ENTRIES SHOWN –
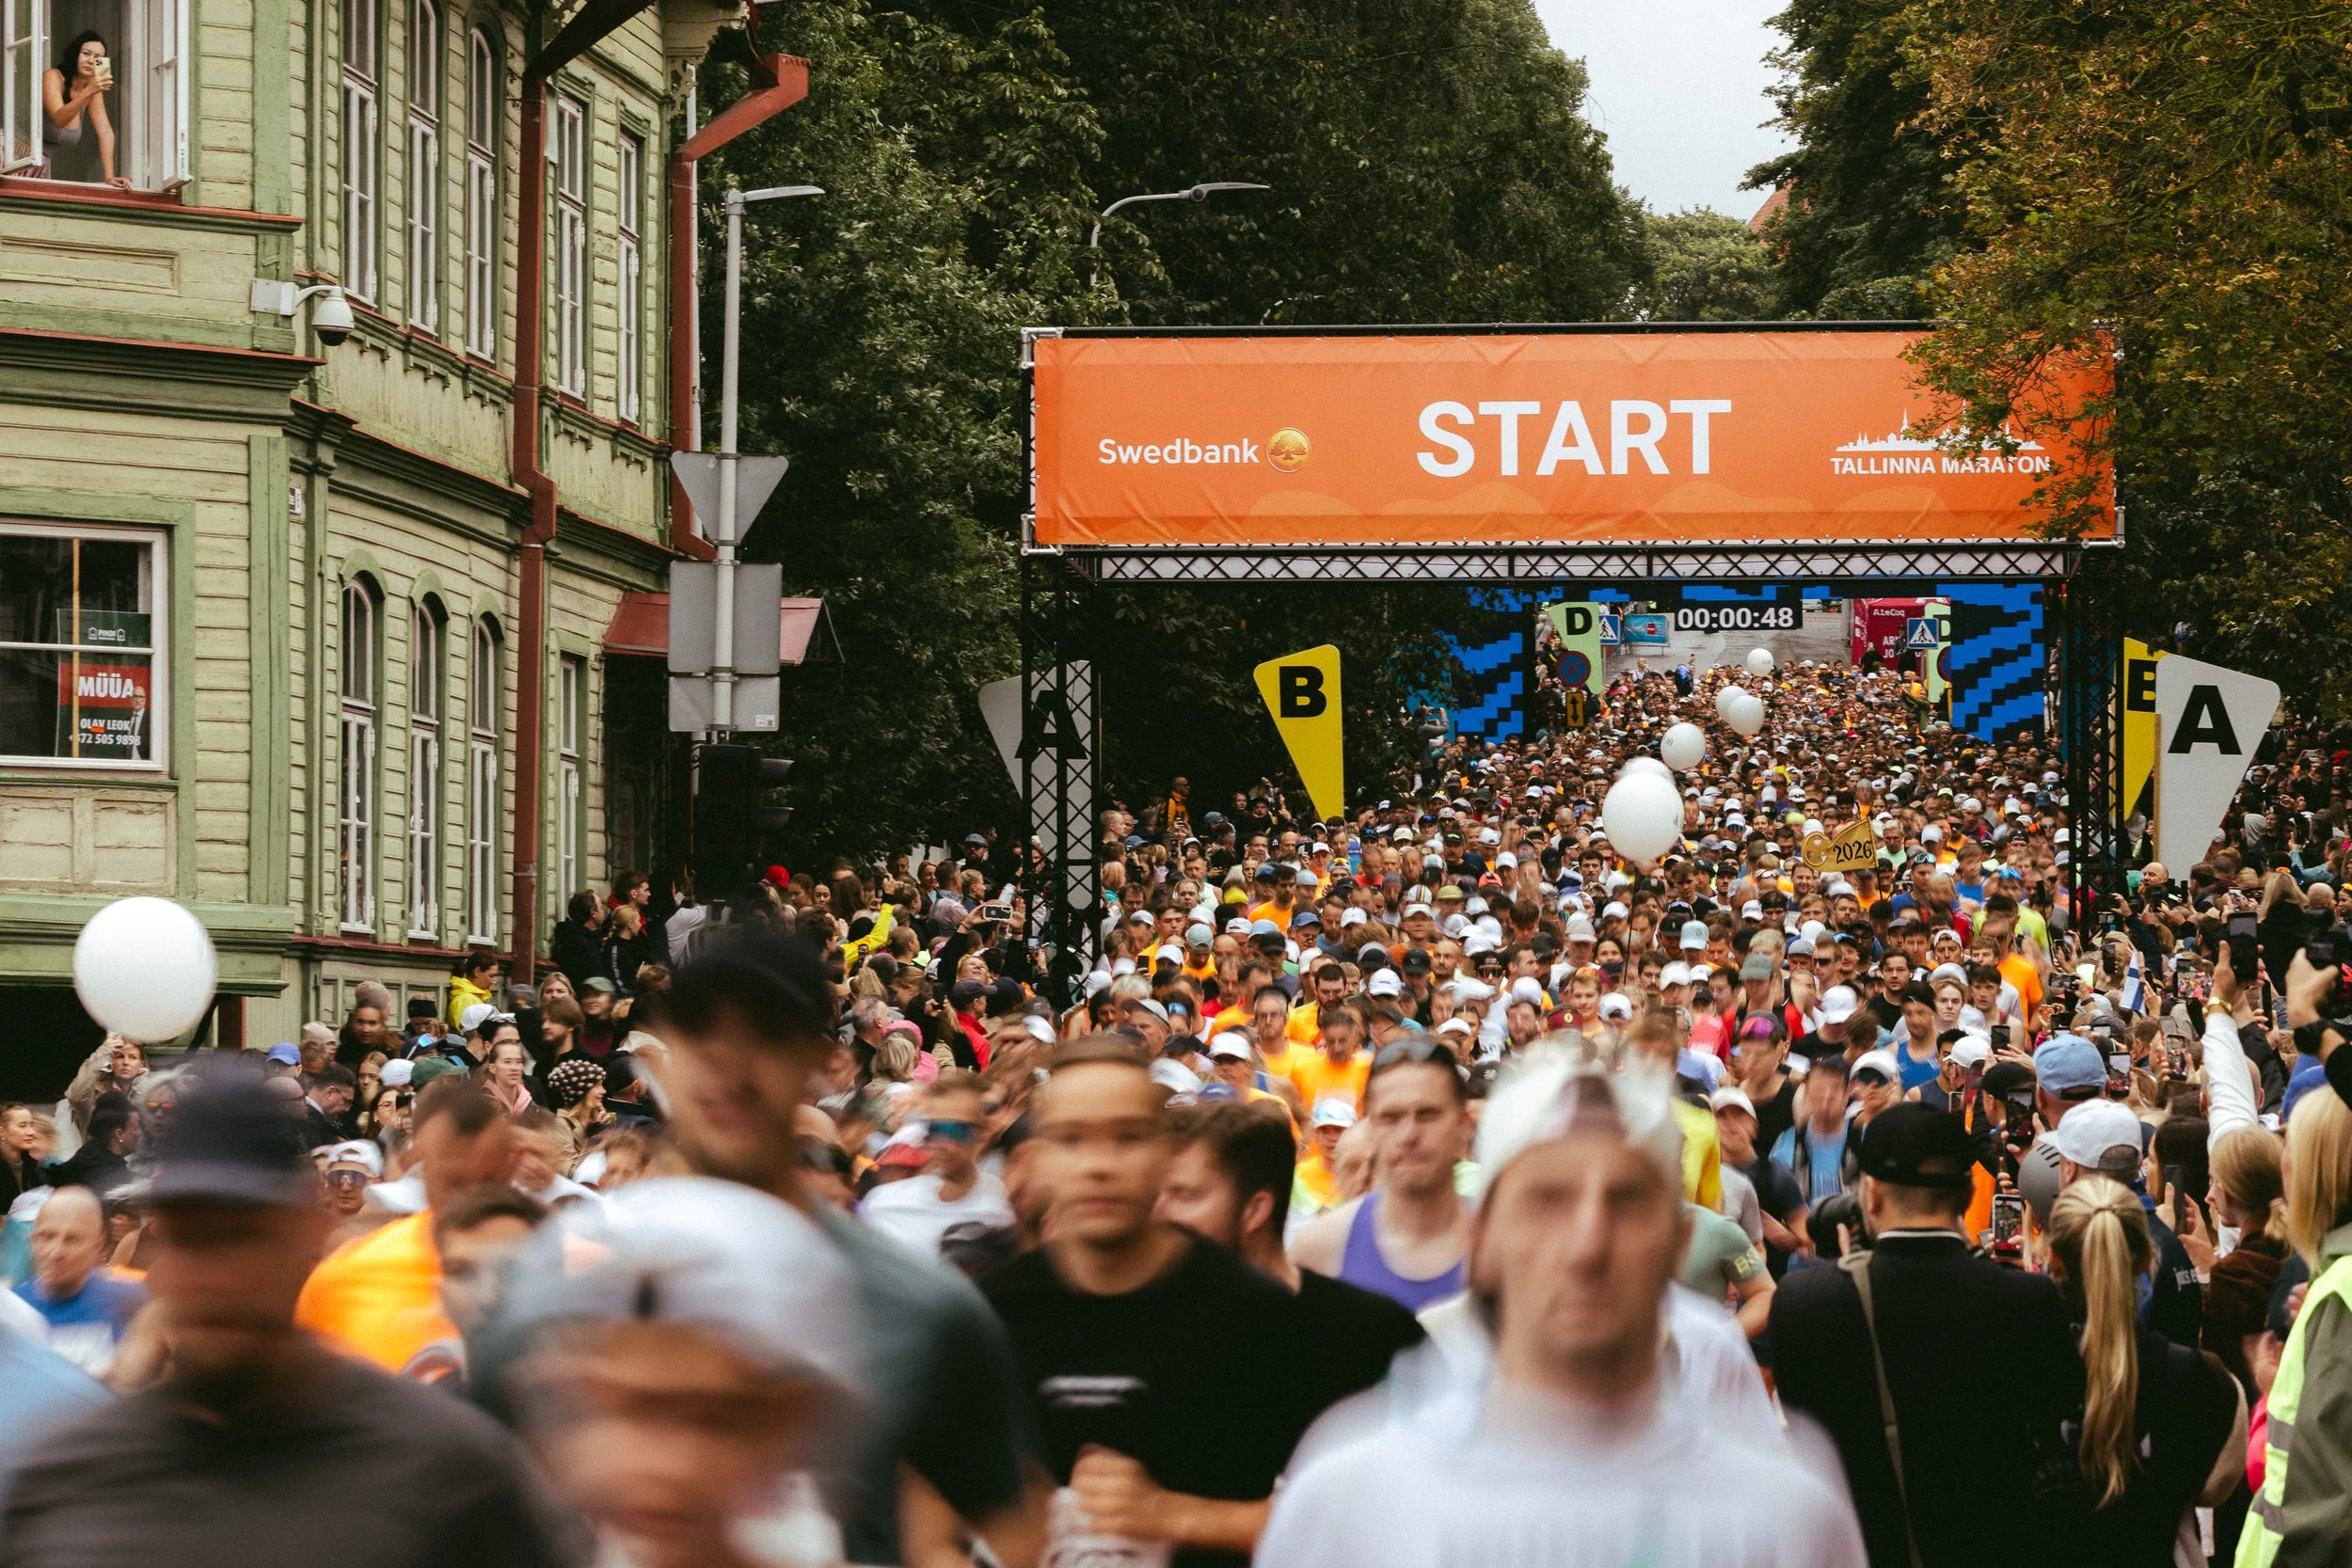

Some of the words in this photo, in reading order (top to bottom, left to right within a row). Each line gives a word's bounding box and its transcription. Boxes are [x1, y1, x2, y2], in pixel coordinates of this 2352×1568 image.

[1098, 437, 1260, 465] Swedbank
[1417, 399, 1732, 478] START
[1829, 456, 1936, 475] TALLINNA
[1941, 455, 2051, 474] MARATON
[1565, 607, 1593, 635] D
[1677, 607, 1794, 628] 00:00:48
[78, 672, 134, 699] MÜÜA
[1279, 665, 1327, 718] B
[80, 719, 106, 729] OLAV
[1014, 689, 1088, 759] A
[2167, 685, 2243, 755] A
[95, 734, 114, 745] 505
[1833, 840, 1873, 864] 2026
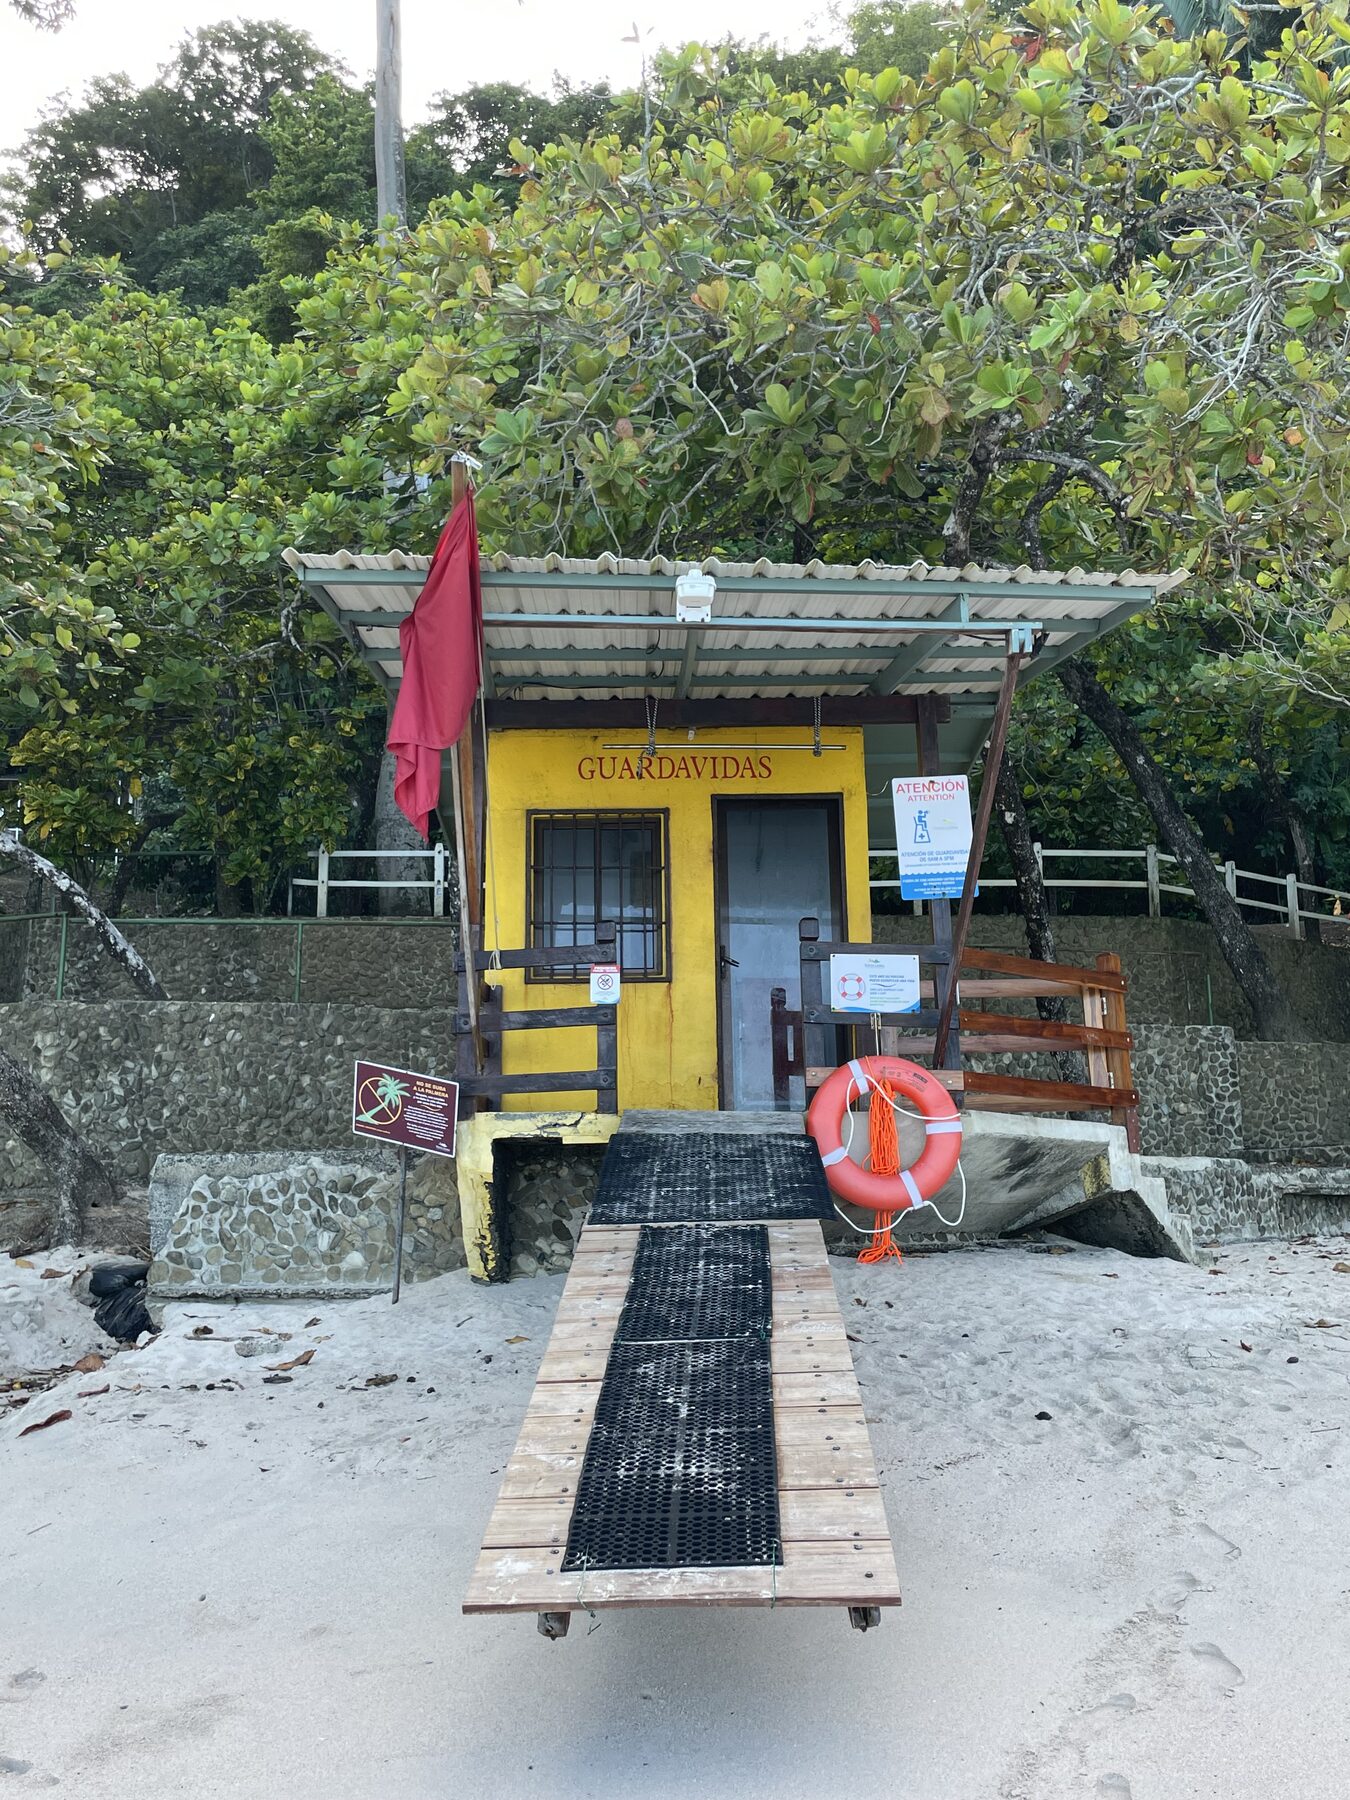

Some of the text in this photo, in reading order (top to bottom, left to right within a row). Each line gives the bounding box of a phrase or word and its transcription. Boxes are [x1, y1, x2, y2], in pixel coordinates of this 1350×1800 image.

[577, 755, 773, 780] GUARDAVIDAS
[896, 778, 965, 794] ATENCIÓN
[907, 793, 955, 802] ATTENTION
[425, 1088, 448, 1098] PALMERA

YOUR GOAL – Output every record verbatim, skipping images.

OUTPUT FOR THIS TASK –
Some of the words in this photo, in reading order (top to bottom, left to right within a row). Each line gives a word's bounding box and its transcription. Boxes are [x1, y1, x2, y2], in pixel coordinates of this 2352×1568 image.

[1098, 437, 1260, 465] Swedbank
[1417, 399, 1732, 478] START
[1829, 456, 1936, 475] TALLINNA
[1941, 455, 2051, 474] MARATON
[1565, 607, 1593, 635] D
[1677, 607, 1794, 628] 00:00:48
[78, 672, 134, 699] MÜÜA
[1279, 665, 1327, 718] B
[80, 719, 106, 729] OLAV
[1014, 689, 1088, 759] A
[2167, 685, 2243, 755] A
[95, 734, 114, 745] 505
[1833, 840, 1873, 864] 2026

Some of the text in this photo, in reading order (top to bottom, left to right within a row). Each line gives the bounding box of a phrase or word and its transcription. Boxes are [x1, y1, x2, y2], in pixel coordinates of this 1350×1800 image.

[577, 755, 773, 780] GUARDAVIDAS
[896, 778, 965, 794] ATENCIÓN
[907, 793, 955, 802] ATTENTION
[425, 1088, 448, 1098] PALMERA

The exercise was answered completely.